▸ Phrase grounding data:
=== Section Start ===

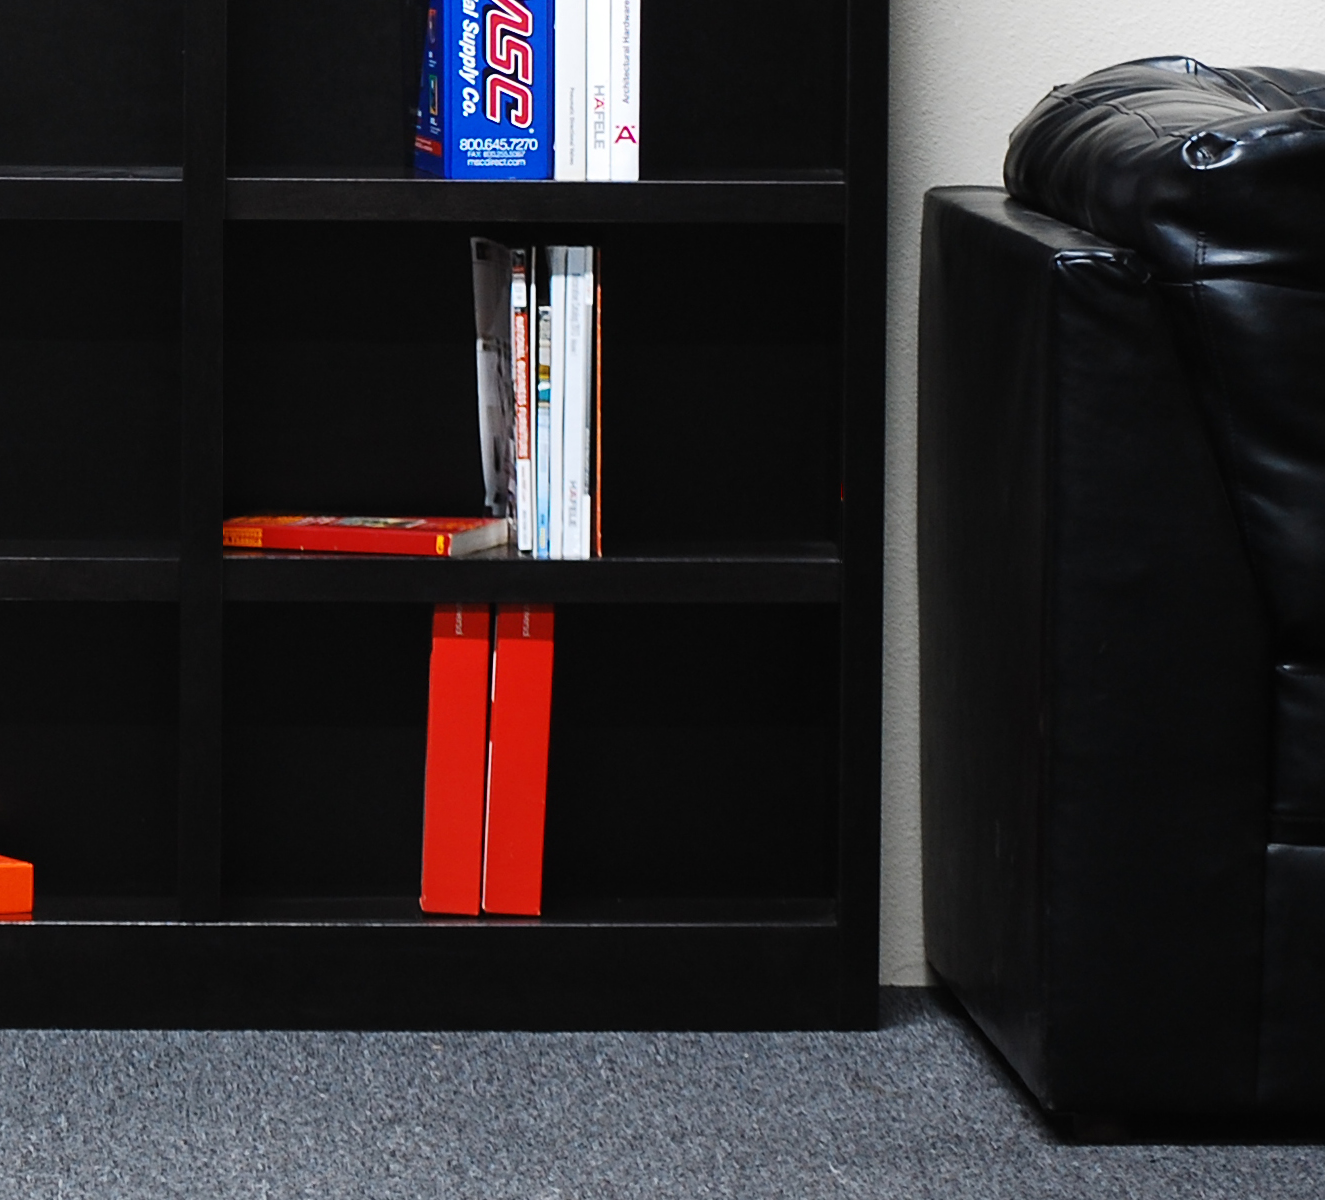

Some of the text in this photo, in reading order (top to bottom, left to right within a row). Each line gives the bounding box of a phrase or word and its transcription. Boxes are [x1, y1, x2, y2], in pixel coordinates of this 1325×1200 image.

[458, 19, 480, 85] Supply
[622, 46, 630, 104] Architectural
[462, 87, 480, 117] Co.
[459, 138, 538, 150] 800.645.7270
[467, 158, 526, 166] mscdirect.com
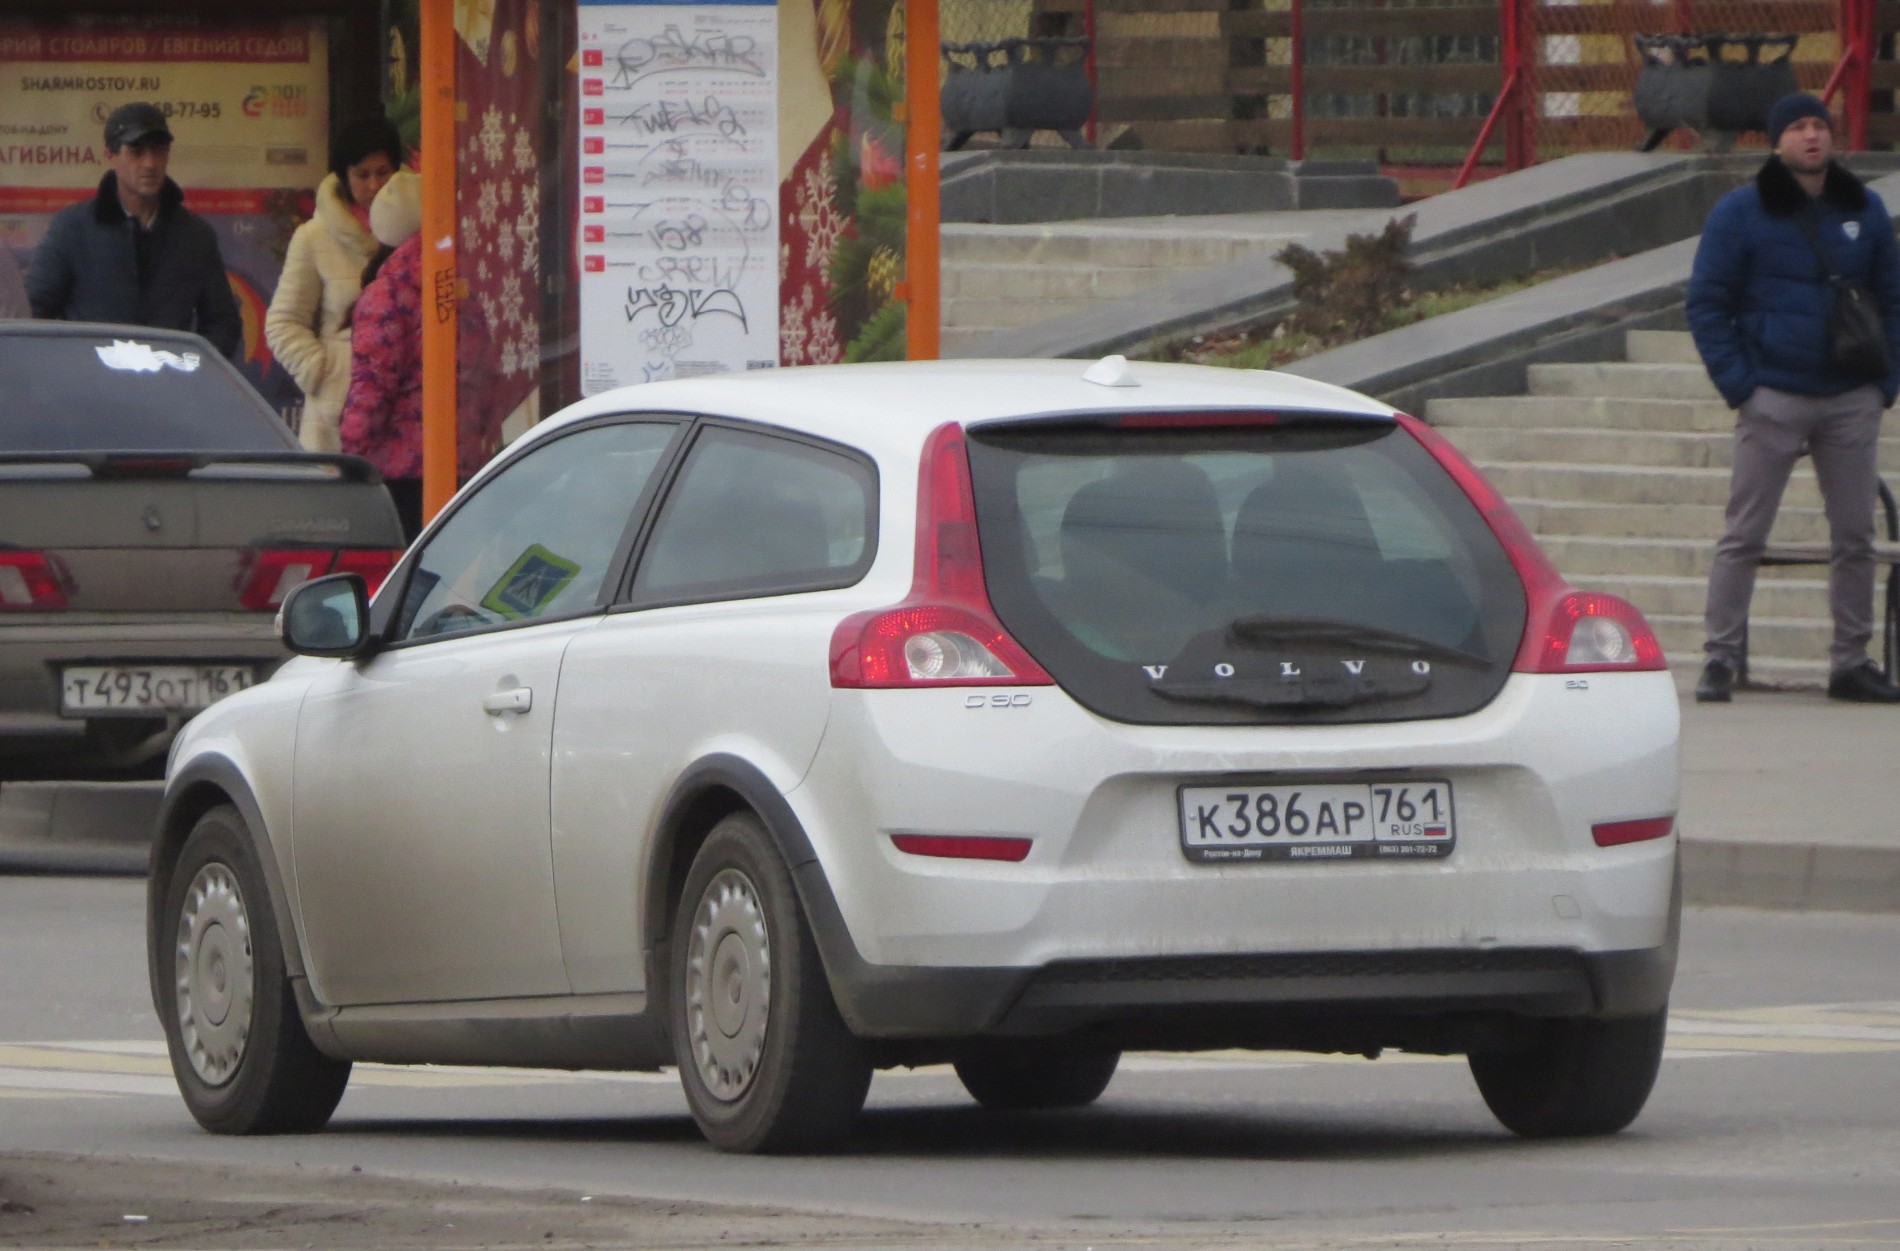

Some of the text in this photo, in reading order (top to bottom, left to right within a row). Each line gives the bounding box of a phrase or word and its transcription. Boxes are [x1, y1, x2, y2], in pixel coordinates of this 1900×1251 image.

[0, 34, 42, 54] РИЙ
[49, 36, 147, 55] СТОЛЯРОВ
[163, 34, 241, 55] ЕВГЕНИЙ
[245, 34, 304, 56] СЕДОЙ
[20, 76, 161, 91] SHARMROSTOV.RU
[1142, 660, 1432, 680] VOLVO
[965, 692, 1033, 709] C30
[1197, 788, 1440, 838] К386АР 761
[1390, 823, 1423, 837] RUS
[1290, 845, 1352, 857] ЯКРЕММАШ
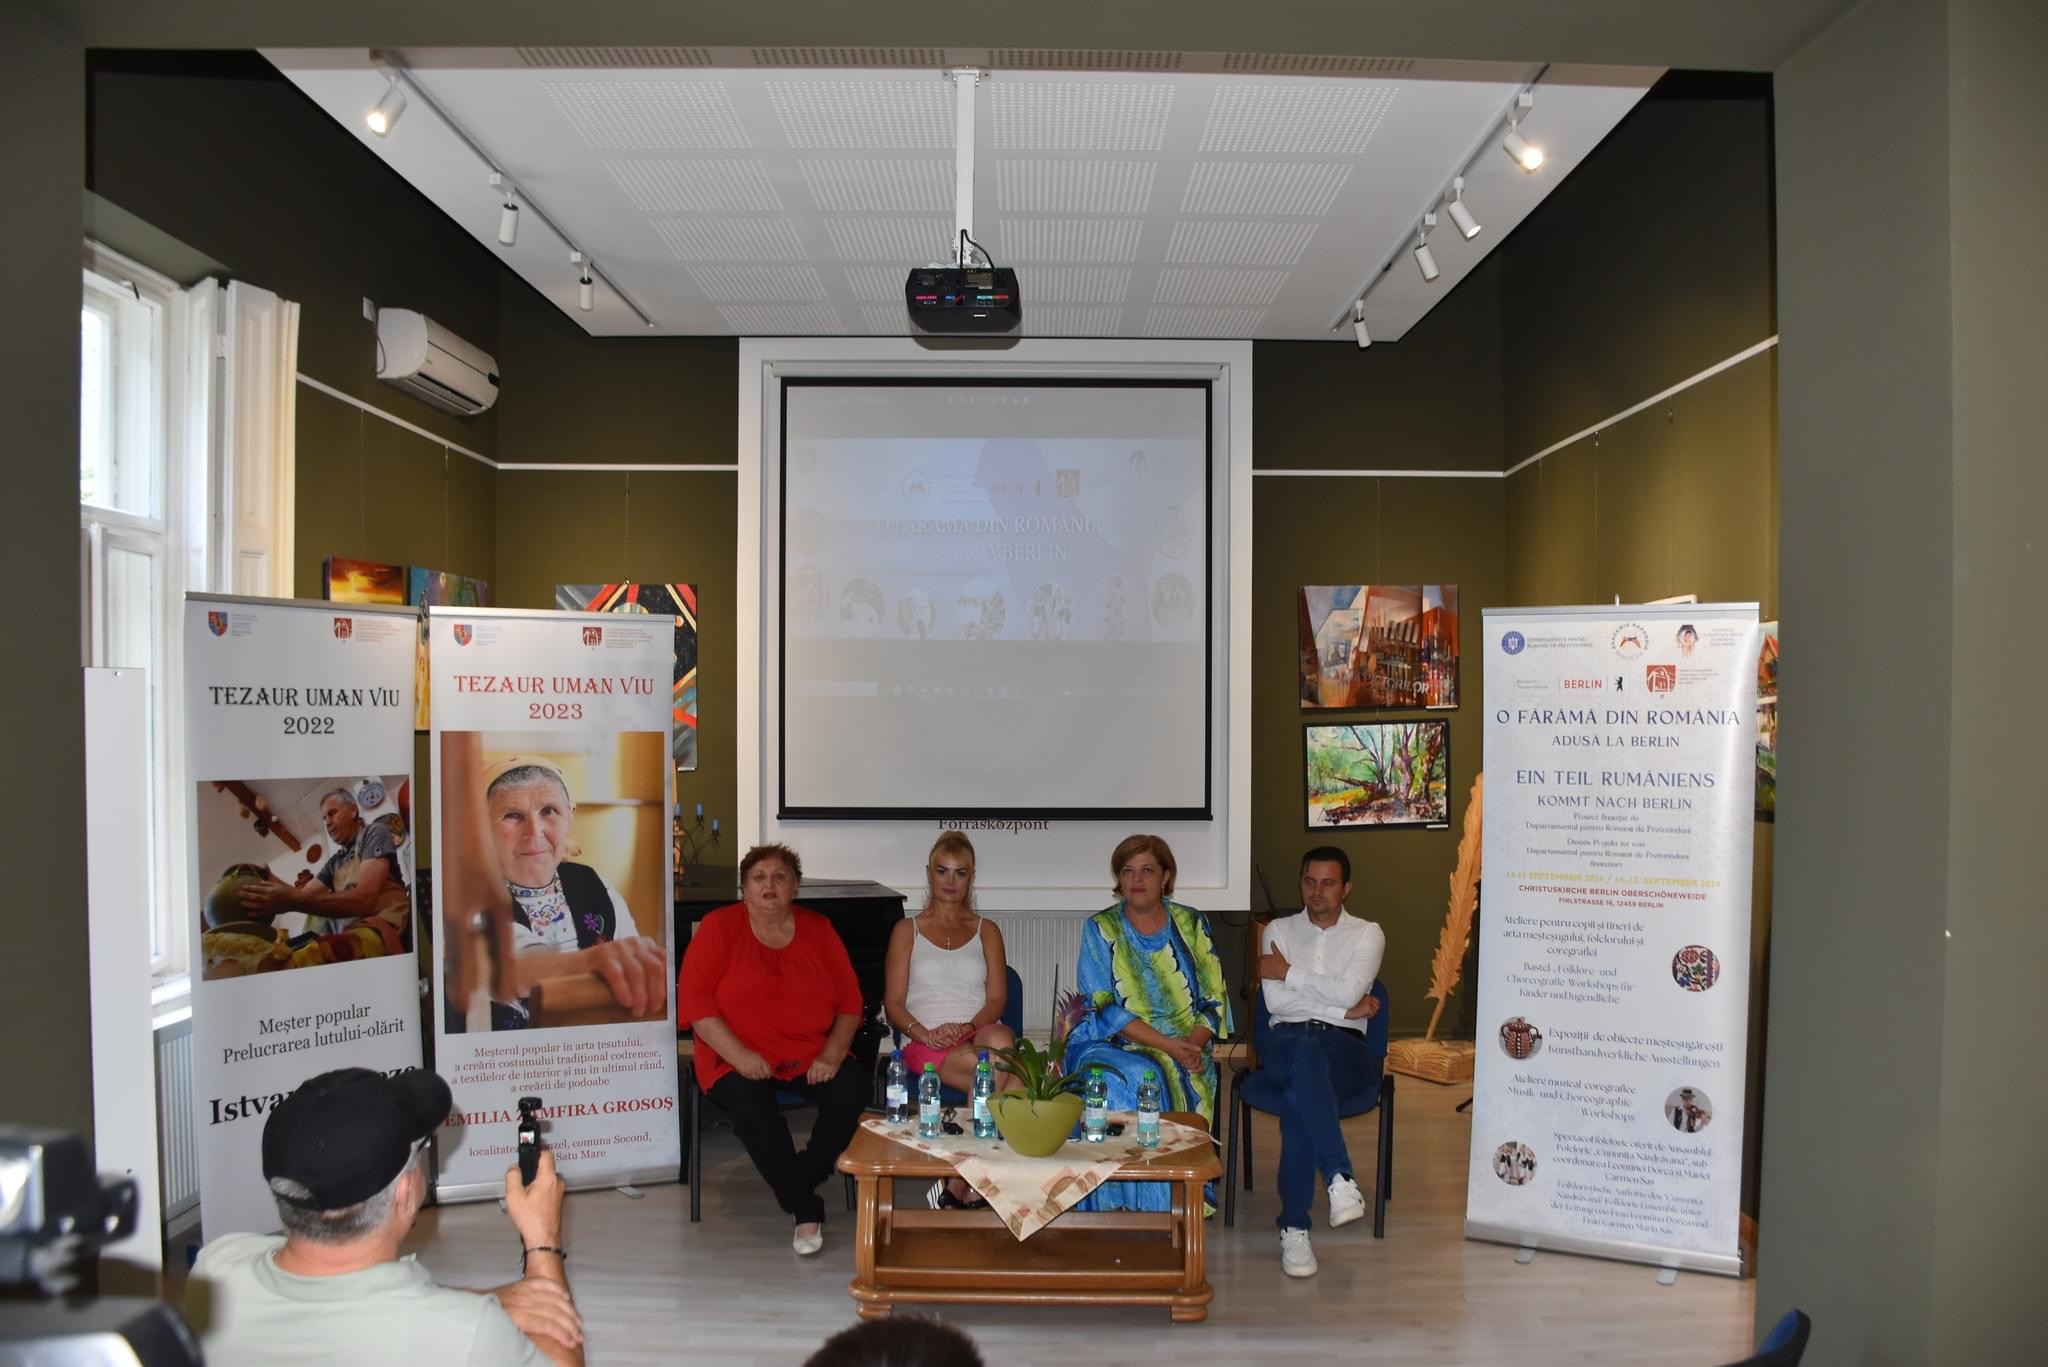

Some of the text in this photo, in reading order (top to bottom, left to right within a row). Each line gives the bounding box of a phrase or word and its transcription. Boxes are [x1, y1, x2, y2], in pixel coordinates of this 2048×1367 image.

=== Section End ===

From the line containing "this 1900×1251 image." through the last line of the records, both included, output those lines exactly and nothing else; skip the pictures.

▸ Problem solution:
Some of the text in this photo, in reading order (top to bottom, left to right within a row). Each line gives the bounding box of a phrase or word and its transcription. Boxes are [x1, y1, x2, y2], in pixel coordinates of this 1900×1251 image.

[0, 34, 42, 54] РИЙ
[49, 36, 147, 55] СТОЛЯРОВ
[163, 34, 241, 55] ЕВГЕНИЙ
[245, 34, 304, 56] СЕДОЙ
[20, 76, 161, 91] SHARMROSTOV.RU
[1142, 660, 1432, 680] VOLVO
[965, 692, 1033, 709] C30
[1197, 788, 1440, 838] К386АР 761
[1390, 823, 1423, 837] RUS
[1290, 845, 1352, 857] ЯКРЕММАШ

Some of the text in this photo, in reading order (top to bottom, left to right within a row). Each line gives the bounding box of a phrase or word and its transcription. Boxes are [x1, y1, x2, y2], in pixel coordinates of this 2048×1367 image.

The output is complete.